Sightline has provided detailed reports for every state with recommendations to prepare for a surge in mail-in ballots this November and beyond. While some states made significant strides to their voting systems to make mail-in ballots more accessible for the general election, others have resisted changes.
Many more voters are choosing to vote absentee this year to avoid risk of COVID-19, but election officials have not received sufficient funds to accommodate the new needs of voting in a pandemic. So we can expect some local clerks to struggle with counting ballots. Counting every vote is especially important in battleground states, where a small number of votes could swing an entire group of Electoral votes to one candidate—and even determine an election.

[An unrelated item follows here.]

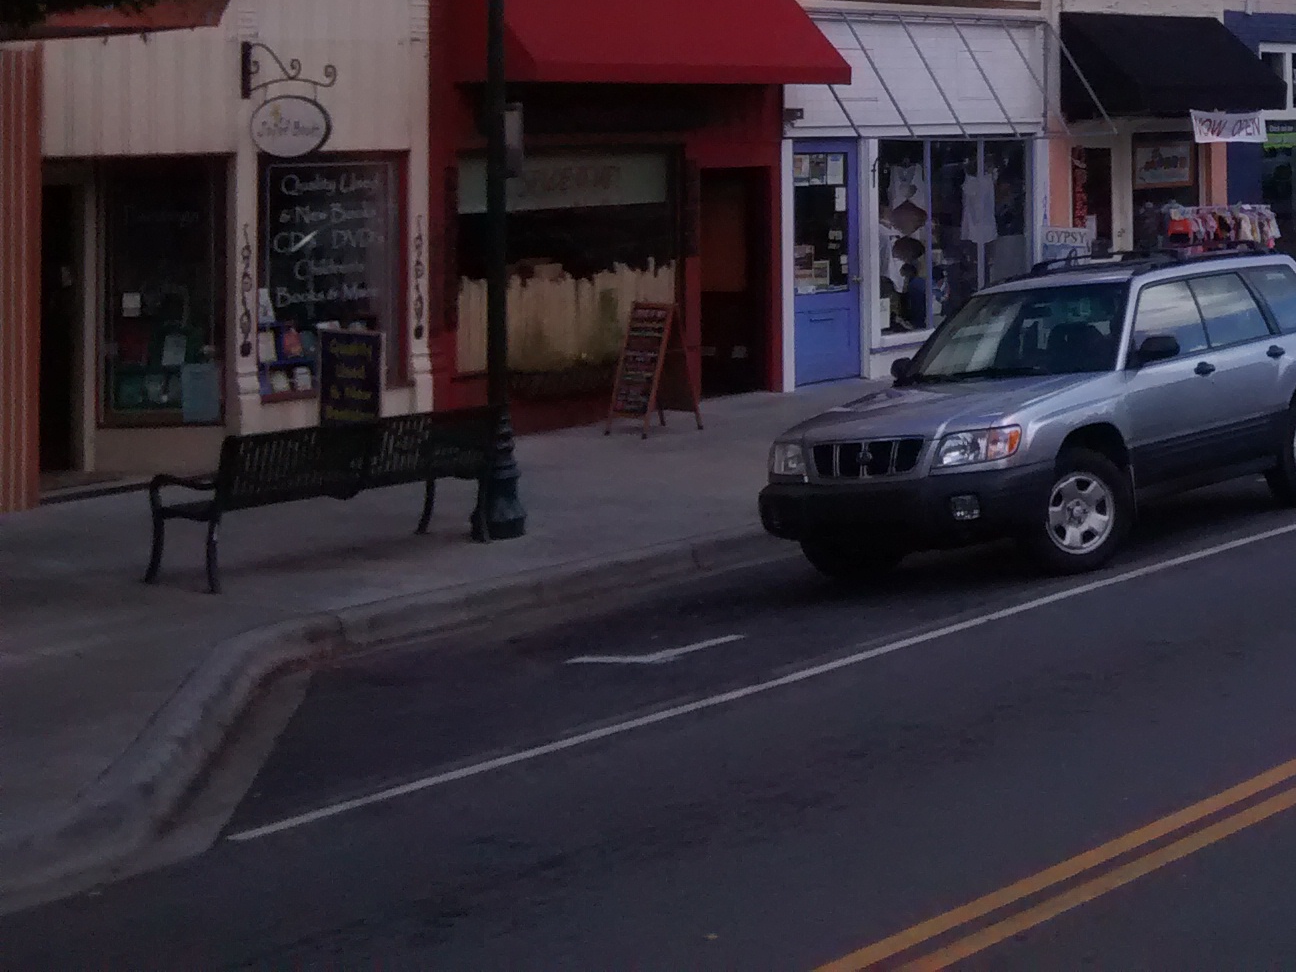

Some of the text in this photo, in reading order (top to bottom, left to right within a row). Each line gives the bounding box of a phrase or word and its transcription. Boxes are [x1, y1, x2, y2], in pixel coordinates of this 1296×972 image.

[1194, 116, 1260, 136] NOW OPEN
[281, 174, 336, 196] Quality
[295, 206, 327, 224] New
[1046, 230, 1086, 243] GYPSY

There are two main sticking points that could lead to legitimate absentee votes not getting counted. First, voters may not have a chance to fix problems with their signature. And second, their votes may not count if the elections office received their ballot after Election Day, even if they submitted it on time.

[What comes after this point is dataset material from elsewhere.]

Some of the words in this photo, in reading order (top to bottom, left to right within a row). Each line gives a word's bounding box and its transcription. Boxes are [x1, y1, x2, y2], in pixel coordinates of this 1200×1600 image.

Maine, Nebraska, New Hampshire and Pennsylvania don’t require notice to voters if ballots are rejected
Most states require voters to sign their absentee ballot return envelope and check their signature against another one on file to verify the voters’ identity. If the signature doesn’t match, or the voter signs in the wrong place, officials reject the ballot. Some states give voters a chance to fix the problem. The majority of states don’t. They reject the ballot and don’t notify the voter, so the voter thinks their vote was counted but it wasn’t.

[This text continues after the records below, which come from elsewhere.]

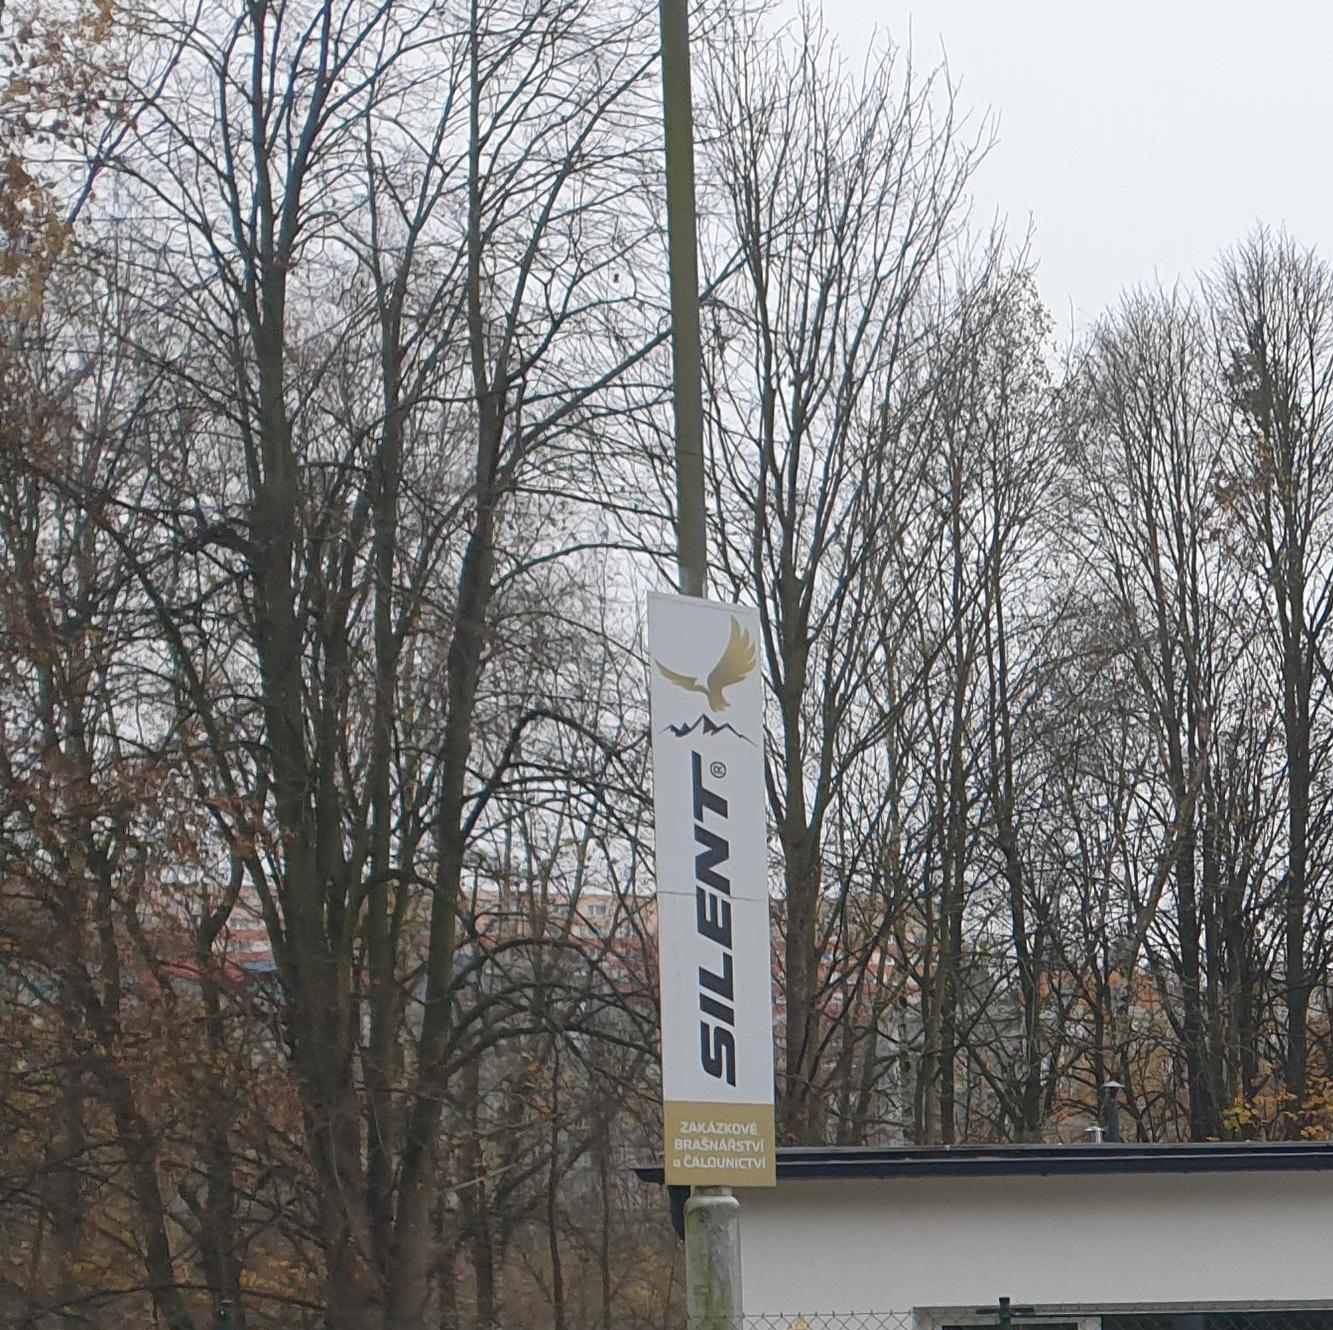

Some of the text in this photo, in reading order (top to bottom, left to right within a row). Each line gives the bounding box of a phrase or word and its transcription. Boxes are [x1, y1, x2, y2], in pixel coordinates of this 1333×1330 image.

[692, 750, 736, 1087] SILENT
[680, 1120, 758, 1135] ZAKÁZKOVÉ
[674, 1137, 765, 1153] BRAŠNÁŘSTVÍ
[683, 1153, 767, 1169] ČALOUNICTVÍ
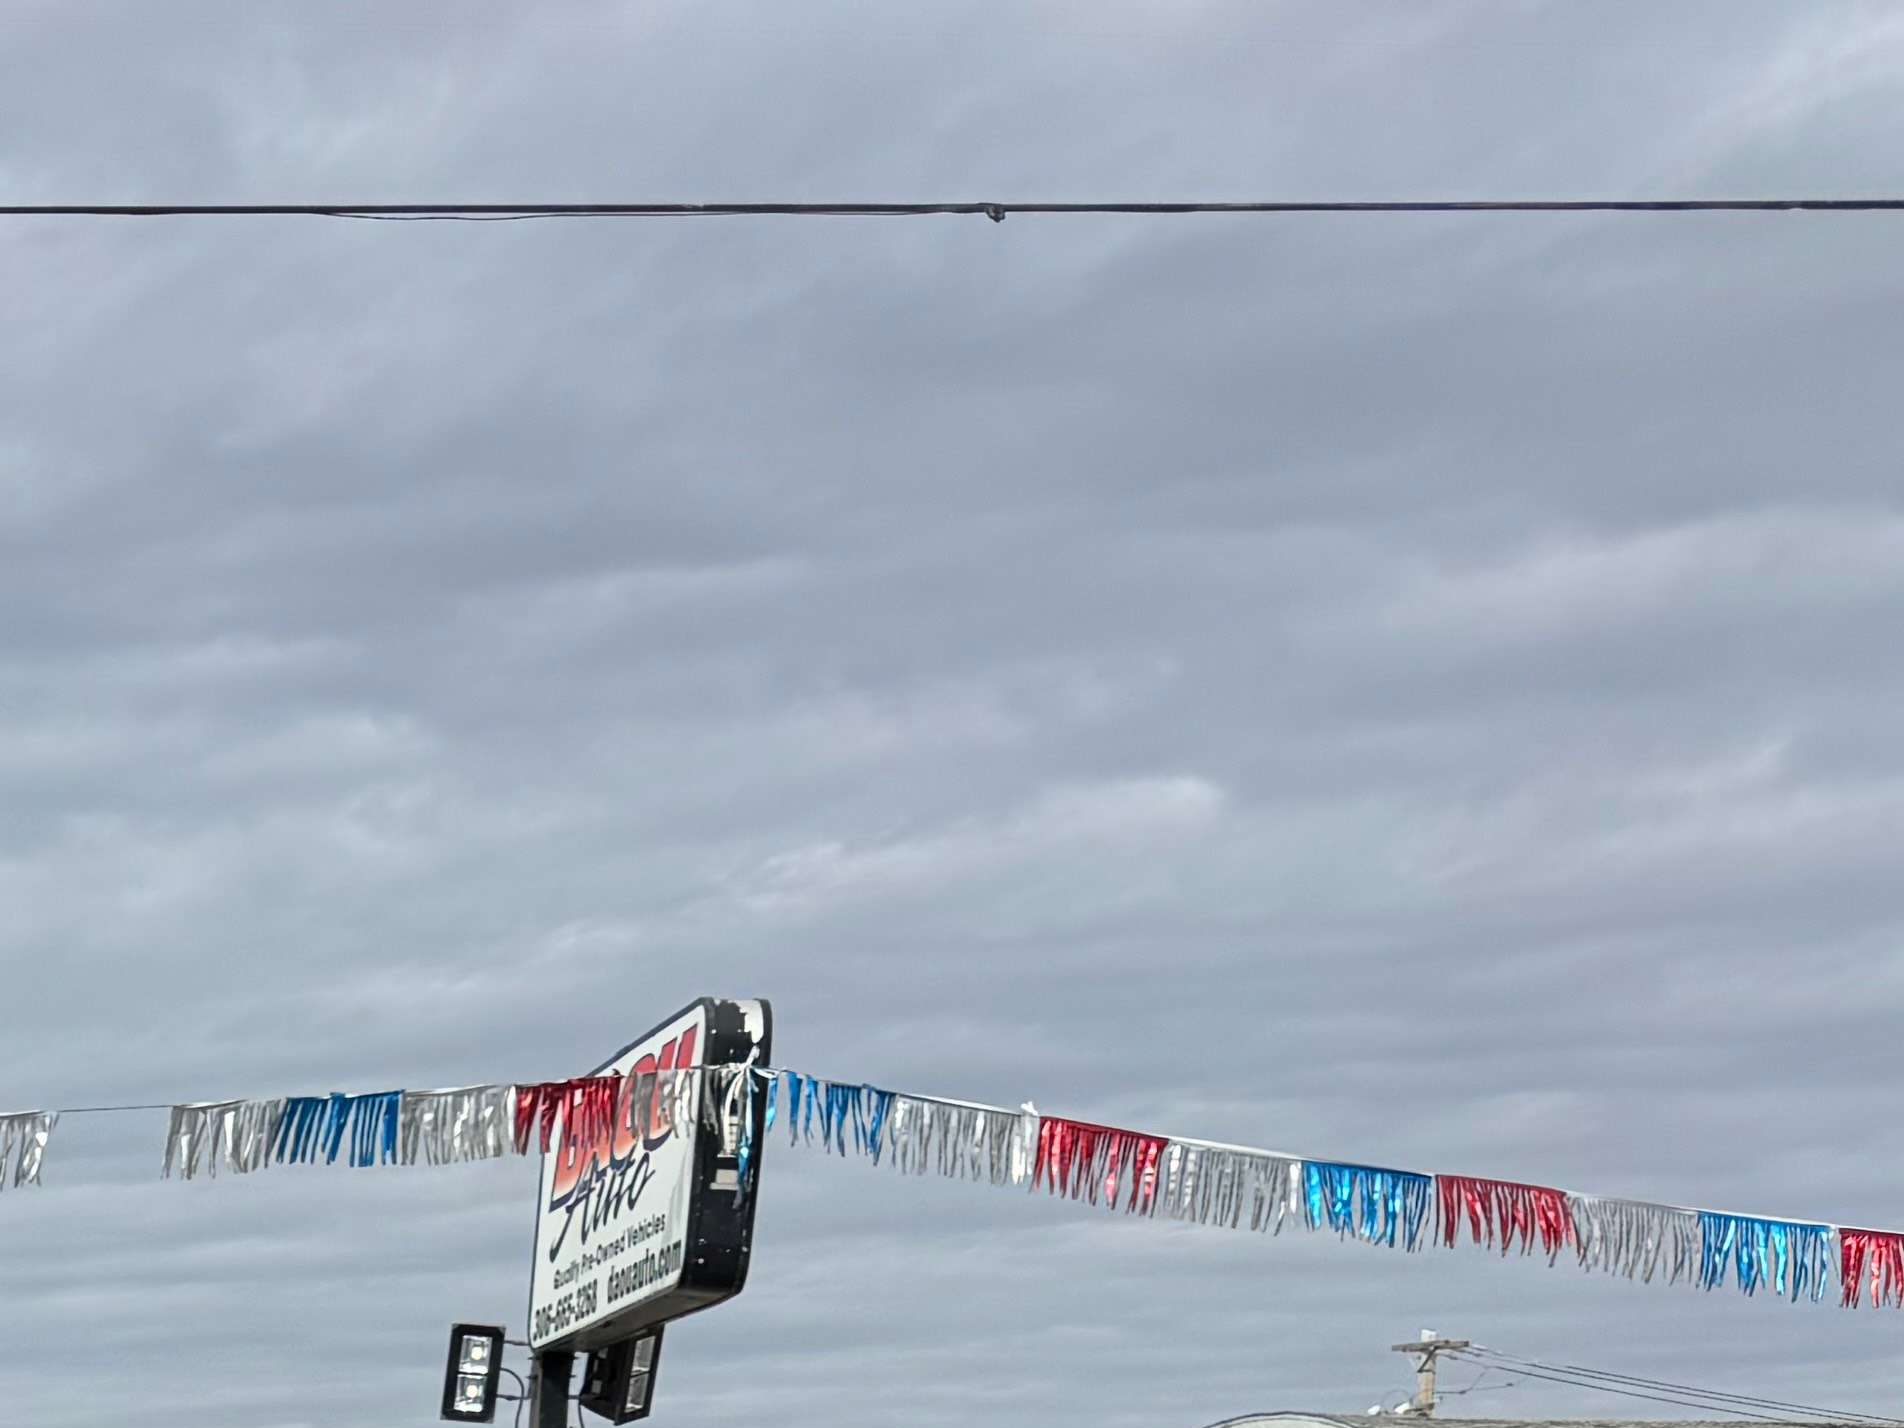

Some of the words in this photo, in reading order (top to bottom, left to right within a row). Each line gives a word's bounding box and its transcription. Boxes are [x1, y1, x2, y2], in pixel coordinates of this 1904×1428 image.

[550, 1152, 655, 1263] Auto
[582, 1236, 625, 1275] Pre-Owned
[627, 1213, 666, 1249] Vehicles
[607, 1239, 682, 1305] daouauto.com

Maine, which received a D- grade for its vote-by-mail infrastructure, doesn’t have any law in place that requires voters to be notified when there’s a problem with their signature on the ballot. Maine officials advised local clerks to make a “good faith effort” to contact voters of signature problems as quickly as possible if their ballots are received by Election Day, but fell short of requiring clerks to contact voters. North Carolina officials in September also announced a change in its curing process that makes it easier for voters to correct mistakes with their ballots. But the Trump campaign is currently challenging it in court.
Several other battleground states usually do not notify voters of problems with their ballot: Kentucky (F), Nebraska (B-), New Hampshire (F), New Mexico (B), North Carolina (F), Pennsylvania (C-), and Virginia (D). Five of those, Kentucky, North Carolina, Pennsylvania, New Mexico, and Virginia, made some exceptions only for this November election. New Mexico and Virginia lawmakers passed temporary laws that require clerks to notify voters that their mail-in ballots were rejected and allow voters to cure missing or mismatched signatures before Election Day. Pennsylvania’s Department of State announced a new curing process in September that settled a lawsuit with the League of Women Voters, but its efforts became fruitless when the state Supreme Court court ruled that mail-in ballots are automatically void if they exclude a second “secrecy” envelope—known as a “naked ballot.” The rule confused enough voters during the 2019 general election to have election officials reject about 6 percent of mail-in ballots.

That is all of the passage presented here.